Furthermore, biological dispersal is impacted and limited by different environmental and individual conditions.[10] This leads to a wide range of consequences on the organisms present in the environment and their ability to adapt their dispersal methods to that environment.
Some organisms are motile throughout their lives, but others are adapted to move or be moved at precise, limited phases of their life cycles. This is commonly called the dispersive phase of the life cycle. The strategies of organisms' entire life cycles often are predicated on the nature and circumstances of their dispersive phases.

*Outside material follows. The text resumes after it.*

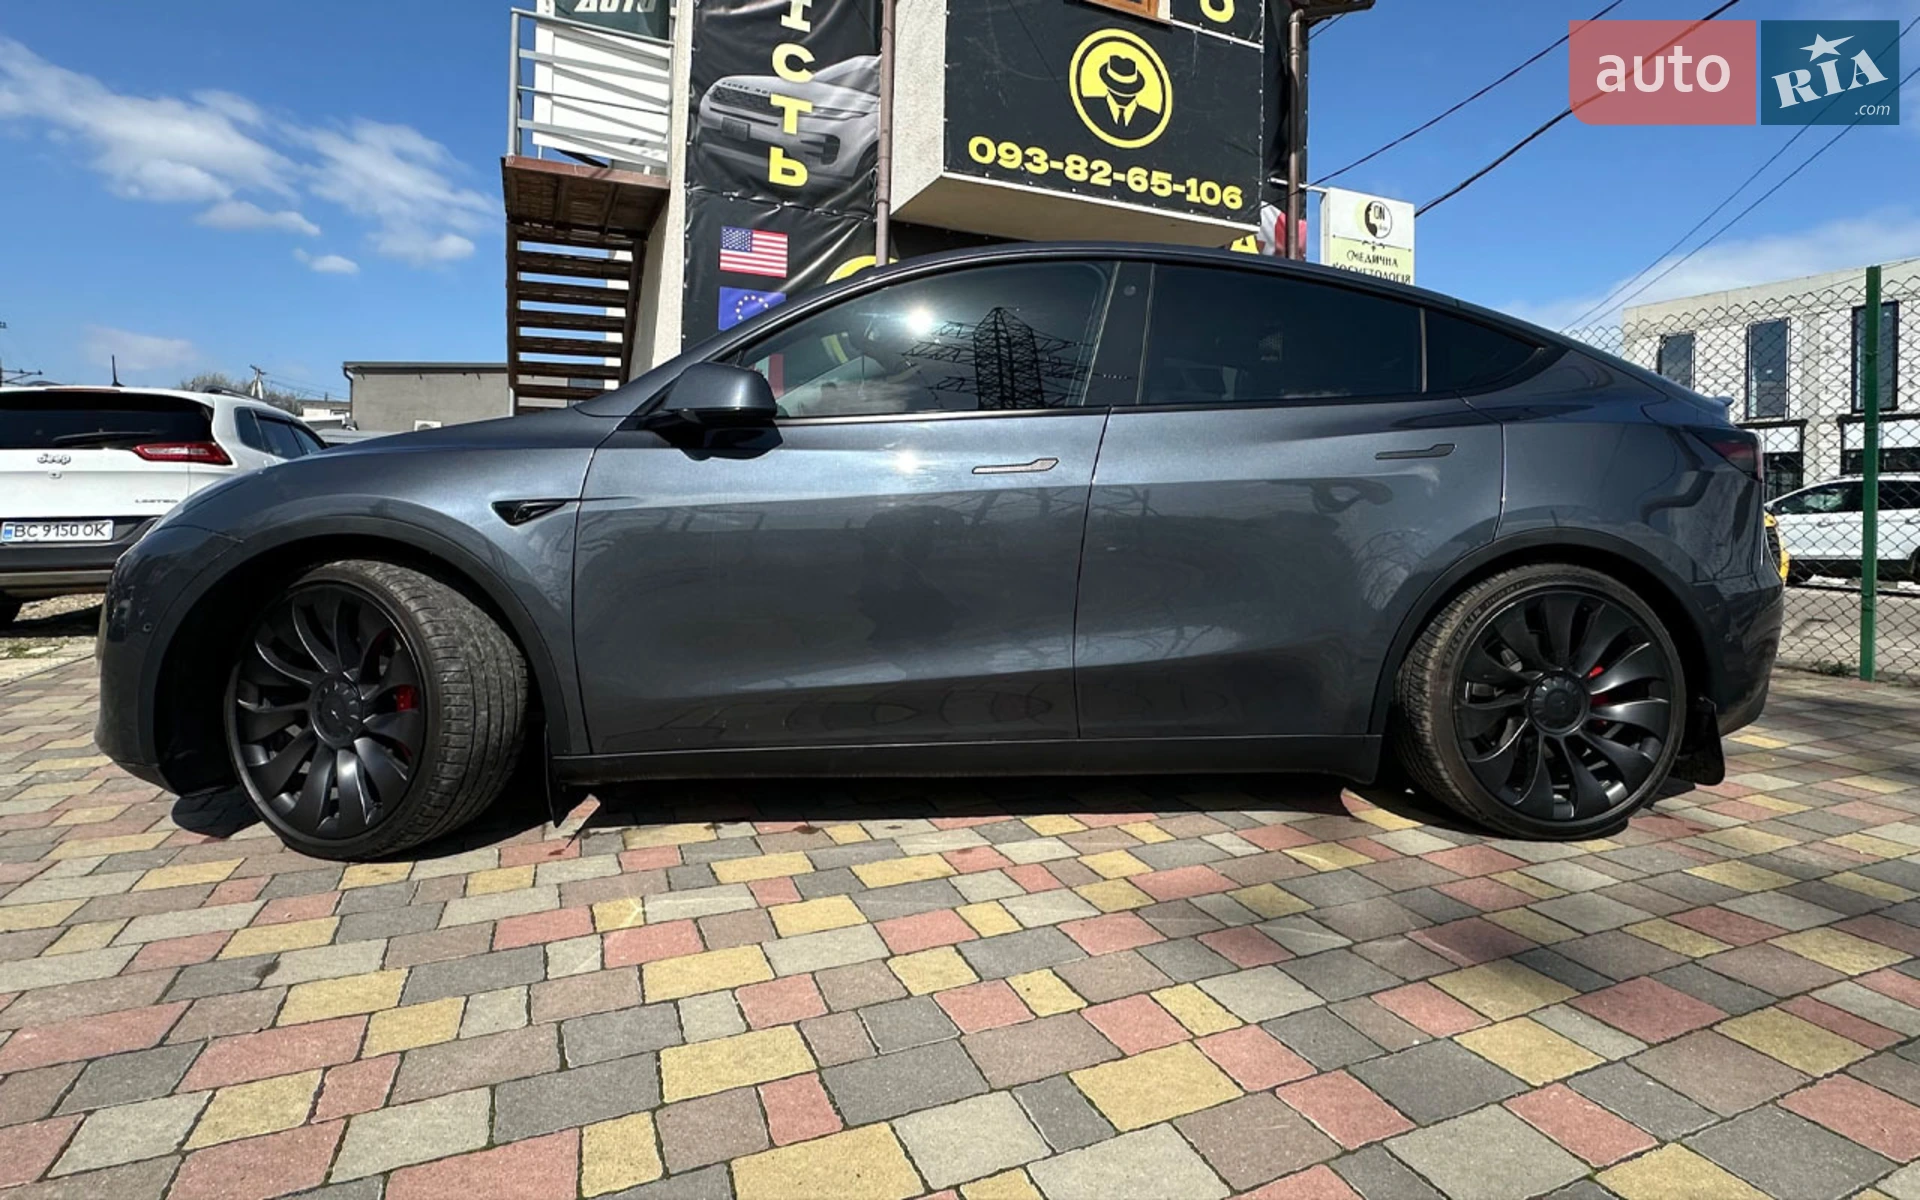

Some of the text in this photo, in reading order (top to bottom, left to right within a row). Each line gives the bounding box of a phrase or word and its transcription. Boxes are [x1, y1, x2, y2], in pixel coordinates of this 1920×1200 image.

In general, there are two basic types:
Due to population density, dispersal may relieve pressure for resources in an ecosystem, and competition for these resources may be a selection factor for dispersal mechanisms. Dispersal of organisms is a critical process for understanding both geographic isolation in evolution through gene flow and the broad patterns of current geographic distributions (biogeography).
A distinction is often made between natal dispersal where an individual (often a juvenile) moves away from the place it was born, and breeding dispersal where an individual (often an adult) moves away from one breeding location to breed elsewhere.
In the broadest sense, dispersal occurs when the fitness benefits of moving outweigh the costs.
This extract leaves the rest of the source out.